Everyone knows the restaurant industry is bro-y as hell—most chefs are white dudes.

That manifests itself in certain ways: black leather couches, antler chandeliers, faux-vintage signage, 50-pound burgers named after cardiovascular diseases. Enter Toronto’s latest addition to that godforsaken genre: Uncle Ray’s Food & Liquor.

CBC food writer Suresh Doss tweeted the press release for Uncle Ray’s, noting that it left him “speechless.”

If you could cram every stereotype about toxic masculinity and racial microaggressions into one marketing campaign, this would be it.

The restaurant, which has a location in Hamilton and is opening another one in downtown Toronto soon, bills itself as a place that serves “food with soul” and “liquor with love.”

It’s essentially a southern food joint, but “the vibe is premium and edgy” for a “discerning…crowd that seeks to level up their experience.” (Read: we will overcharge tourists.)

And when they say edgy, they mean it. “We’re slingin’ really f*cking good food here,” says the restaurant’s website, while the space will include a “side hustle for late nights.” (I assume this is a dancey area.)

Even the food descriptions are cringe. The red snapper comes whole and fried so you can “look your food straight into its eye” while the southern platter “gangs up” roasted chicken, fried chicken, sausage, beef rib, and sides. We get it, you like animal flesh.

But the worst part of Uncle Ray’s is the fact that they used a photo of a gorilla with the slogan “Who the hell is Uncle Ray?”

So we have an establishment run by a bunch of guys named Yannick, Michael, Adam, and Dan, who are ripping off Black southern culture and using a racist trope to boot.

VICE reached out to Adam Teolis, operating partner at Open Concept Hospitality, which is behind Uncle Ray’s, to ask about the marketing campaign.

“We are aware of the activity on social media around Uncle Ray’s but we do not have anything to add except that is was (sic) an oversight on our part and certainly no intentional (sic).”

It may have been an oversight, but it’s pretty easy to see why it happened and why it’ll probably happen again.

Now let’s turn our attention to legal cannabis, an industry that has brought together guys from all (mostly affluent) walks of life.
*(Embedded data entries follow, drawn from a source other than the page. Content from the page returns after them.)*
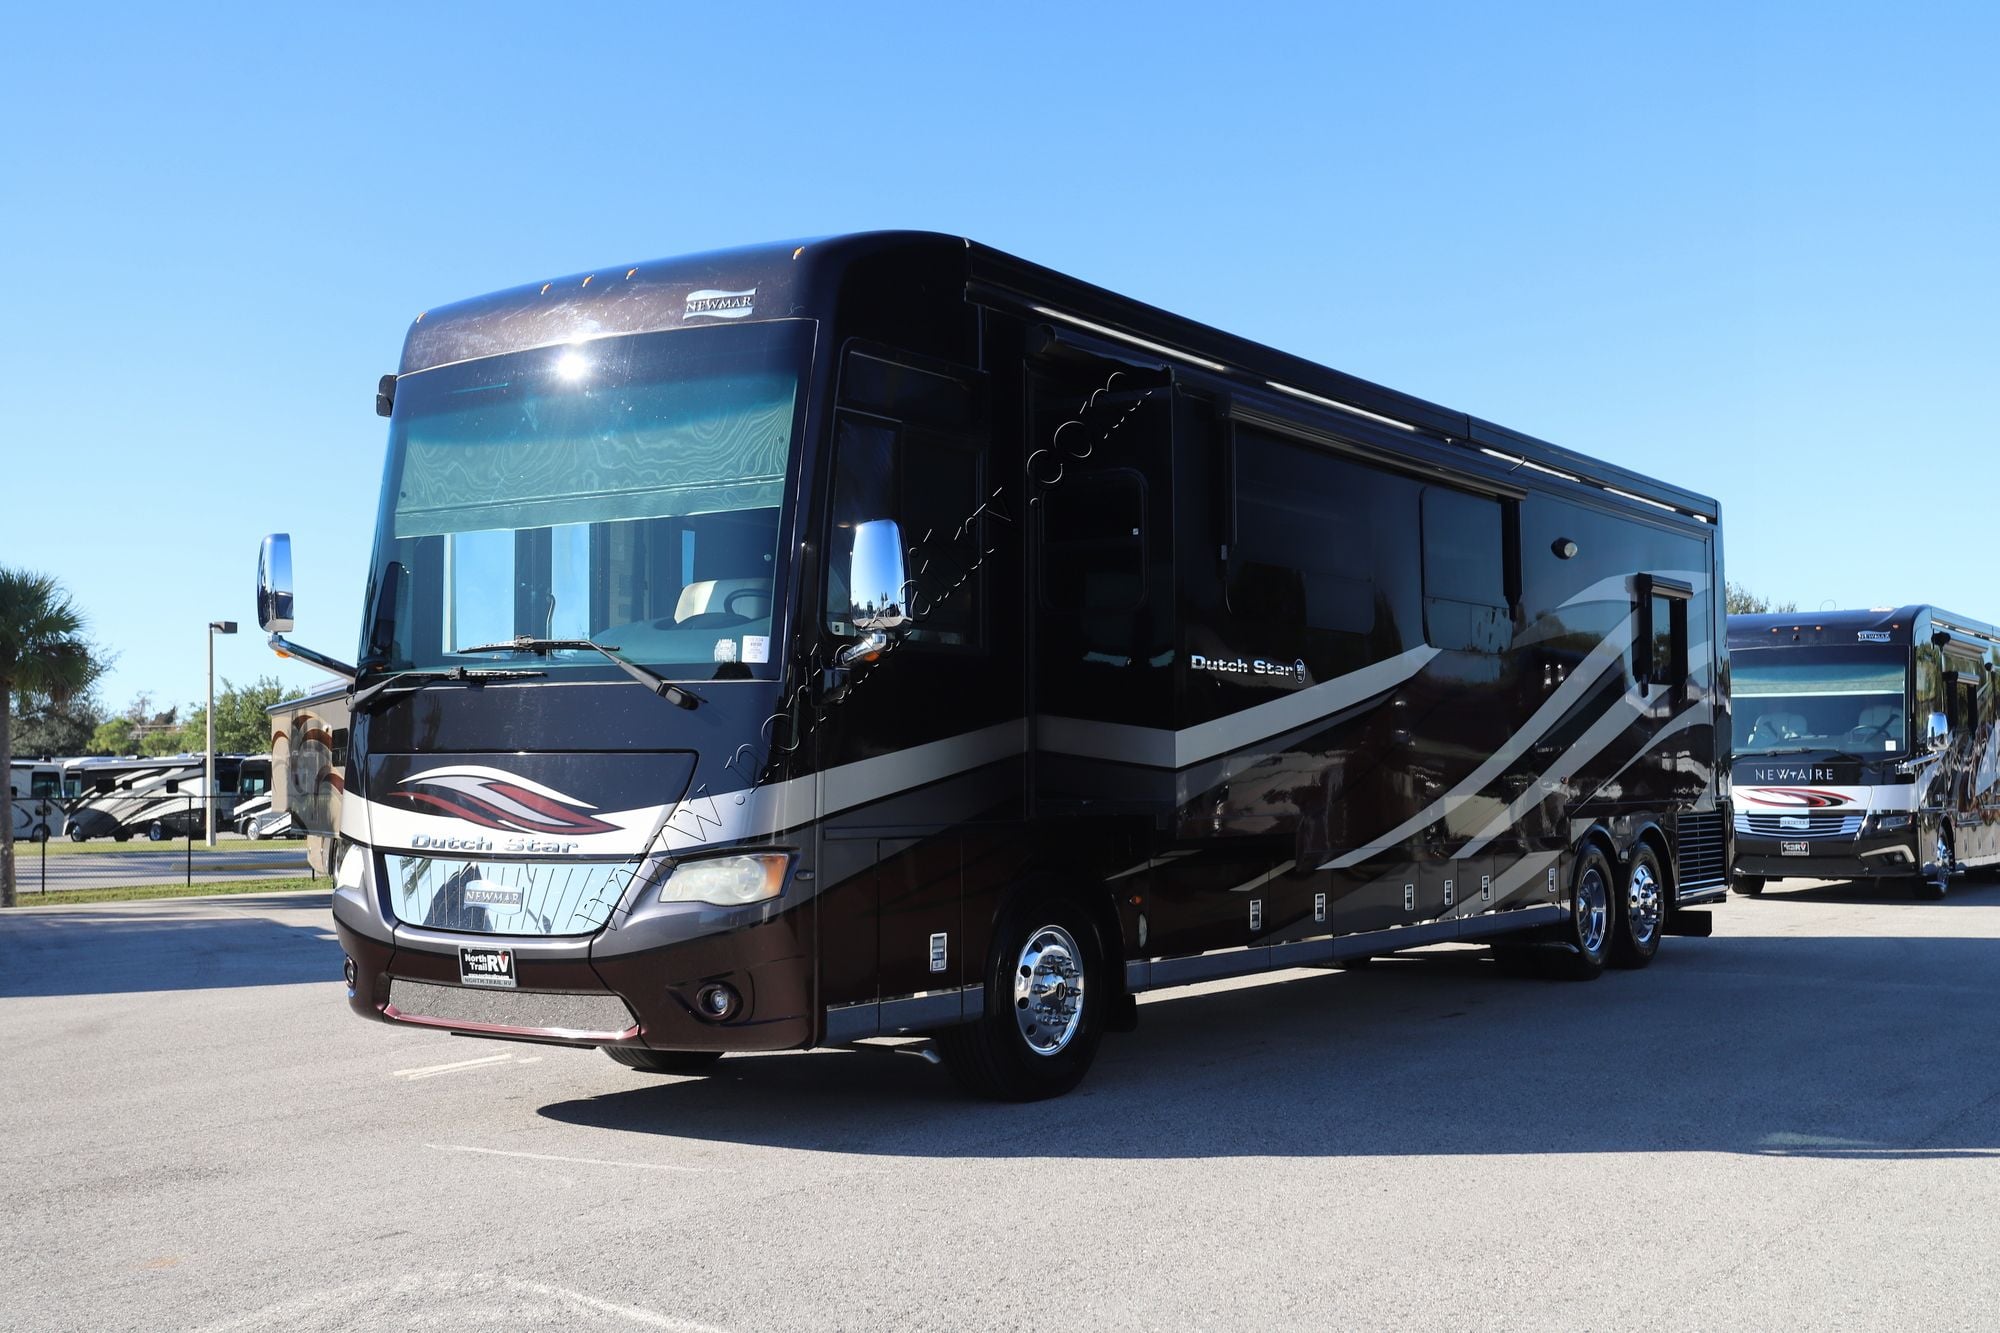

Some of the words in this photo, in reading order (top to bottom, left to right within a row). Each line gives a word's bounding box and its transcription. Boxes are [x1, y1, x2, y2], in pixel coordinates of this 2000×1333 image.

[686, 296, 753, 312] NEWMAR
[1191, 655, 1248, 673] Dutch
[1253, 660, 1293, 676] Star
[412, 834, 493, 851] Dutch
[504, 837, 579, 854] Star
[466, 891, 520, 902] NEWMAR
[465, 953, 487, 963] North
[487, 954, 509, 972] RV
[470, 962, 487, 971] Trail
Many, myself included, have remarked on the inequity within the space, especially when over-policed Black and Indigenous peoples, women, medical patients, and those who built the illicit market—taking major risks to do so—have largely been excluded.

Well B.C.-based legal weed company GTEC Holdings is sort of taking on that issue. Not by undertaking any social justice movement, but by capitalizing on the term “black market.”
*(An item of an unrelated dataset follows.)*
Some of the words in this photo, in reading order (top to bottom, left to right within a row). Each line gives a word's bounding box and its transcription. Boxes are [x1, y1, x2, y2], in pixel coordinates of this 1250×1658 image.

The company debuted its recreational weed brand Blk Mkt in December, and was on hand at the Lift & Co. Cannabis Expo in Vancouver last week to show it off. Its signage at the expo included the slogan: “Once you go Blk…” You know, like a play on that fetishizing slogan “once you go Black, you never go back.”

The marketing ploy didn’t go over too well on Twitter, with many remarking that it’s pretty dang tone deaf to appropriate the term “black market” in order to make money, while people who actually worked in the black market or fought prohibition have been criminalized.
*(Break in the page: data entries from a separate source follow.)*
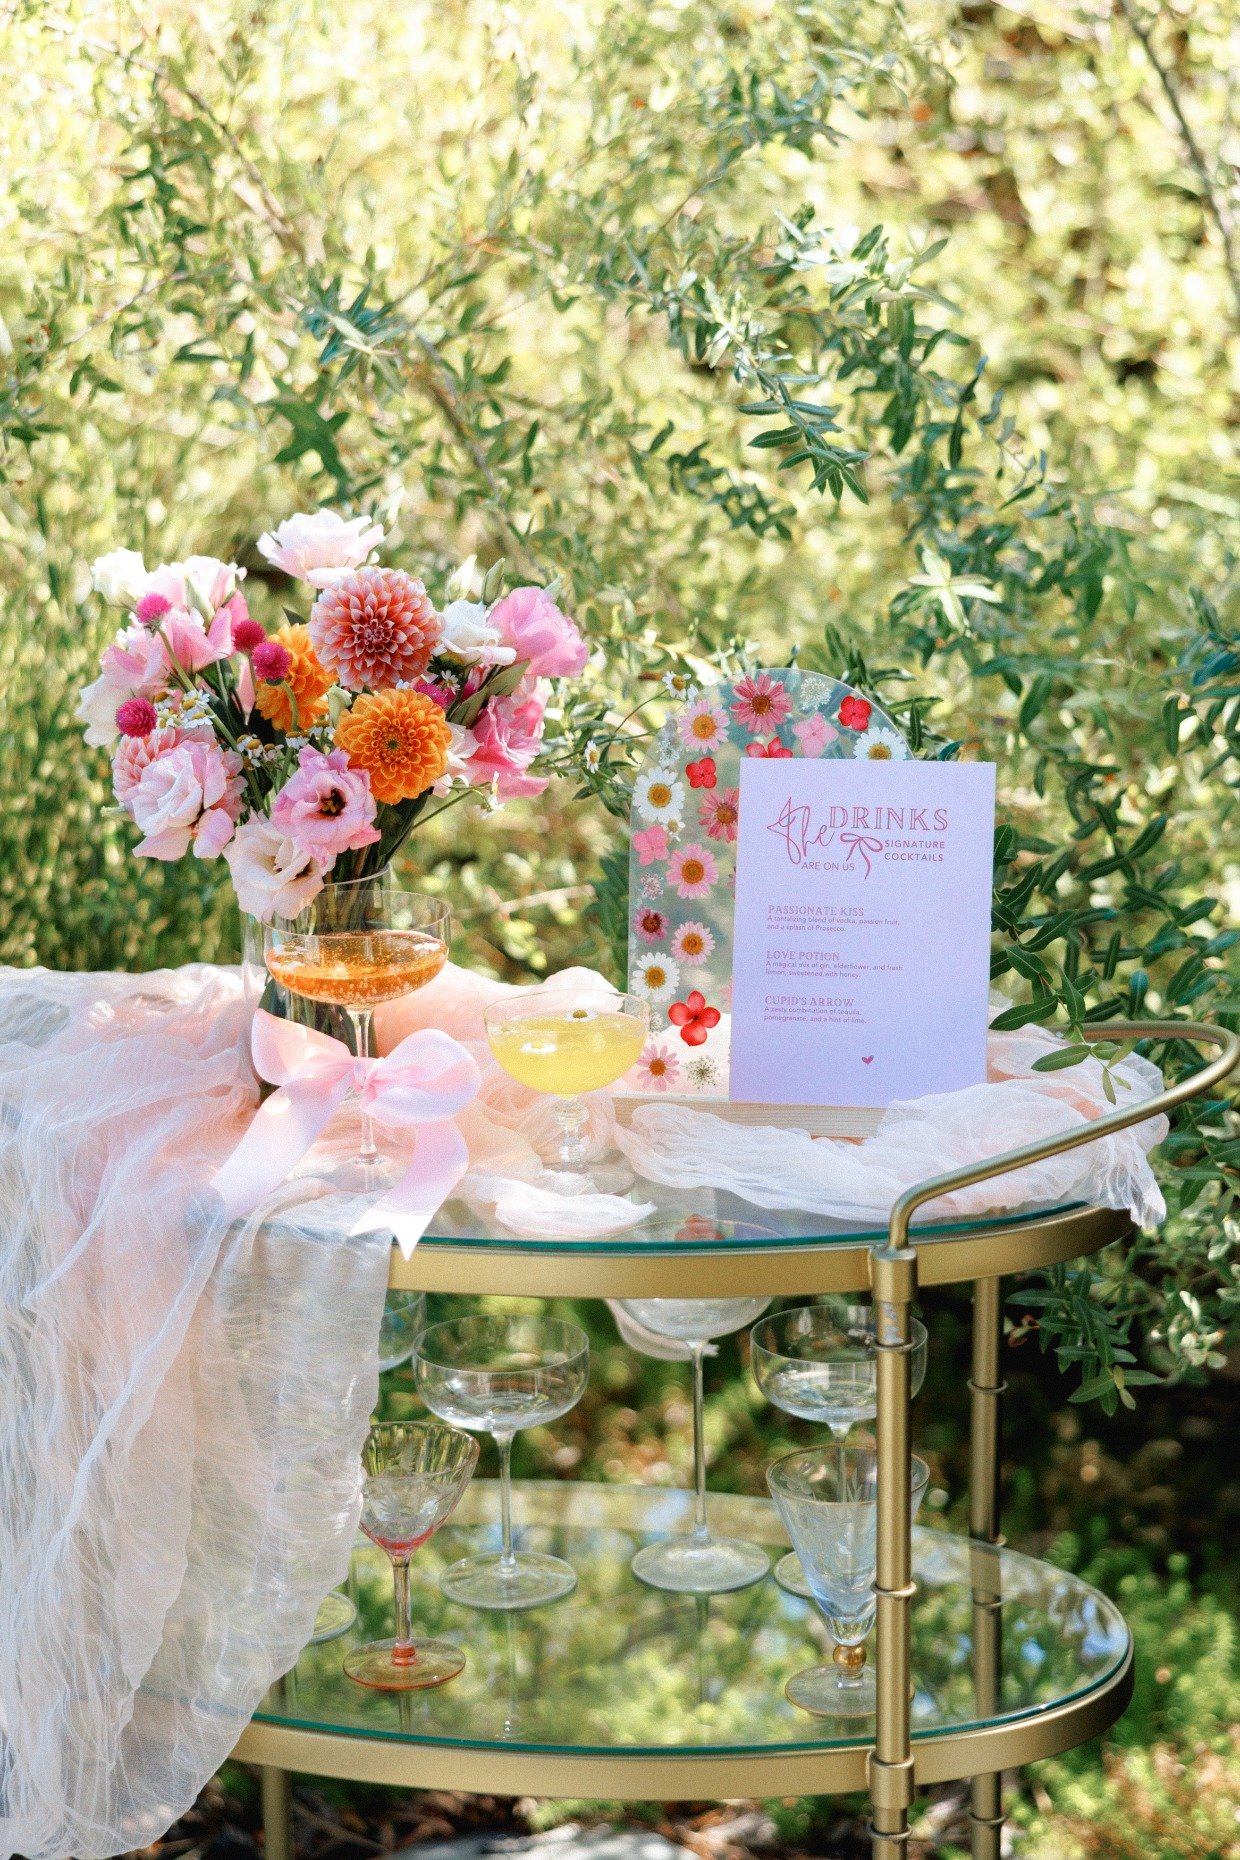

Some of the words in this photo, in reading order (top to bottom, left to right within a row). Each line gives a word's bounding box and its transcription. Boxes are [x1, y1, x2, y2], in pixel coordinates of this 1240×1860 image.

[767, 797, 835, 865] The
[829, 805, 949, 831] DRINKS
[884, 839, 945, 849] SIGNATURE
[884, 852, 944, 862] COCKTAILS
[801, 861, 821, 870] ARE
[823, 862, 839, 871] ON
[842, 862, 855, 872] US
[768, 905, 837, 916] PASSIONATE
[840, 907, 864, 917] KISS
[774, 916, 807, 924] tantalizing
[767, 950, 796, 960] LOVE
[799, 951, 840, 961] POTION
[772, 961, 797, 969] magical
[833, 963, 871, 971] elderflower,
[840, 971, 861, 979] honey.
[765, 995, 807, 1005] CUPID'S
[810, 997, 855, 1007] ARROW
[838, 1009, 861, 1017] tequila,
[764, 1015, 808, 1023] pomegranate,
GTEC Holdings founder Norton Singhavon said he can see why the “Once you go Blk” slogan was a misfire, though he thinks it’s being taken out of context.

However, he said the brand is meant to “pay homage to the real OGS out there, the guys who risked it all.”

According to Singhavon, the brand is tracking well amongst its key demographic—weed connoisseurs who want craft cannabis and high THC strains. He also said the bulk of his senior operations team is made up of people who came from the legacy market.

“The purpose of this brand was to be edgy and controversial,” Singhavon said.

Looks like they succeeded, for whatever that’s worth.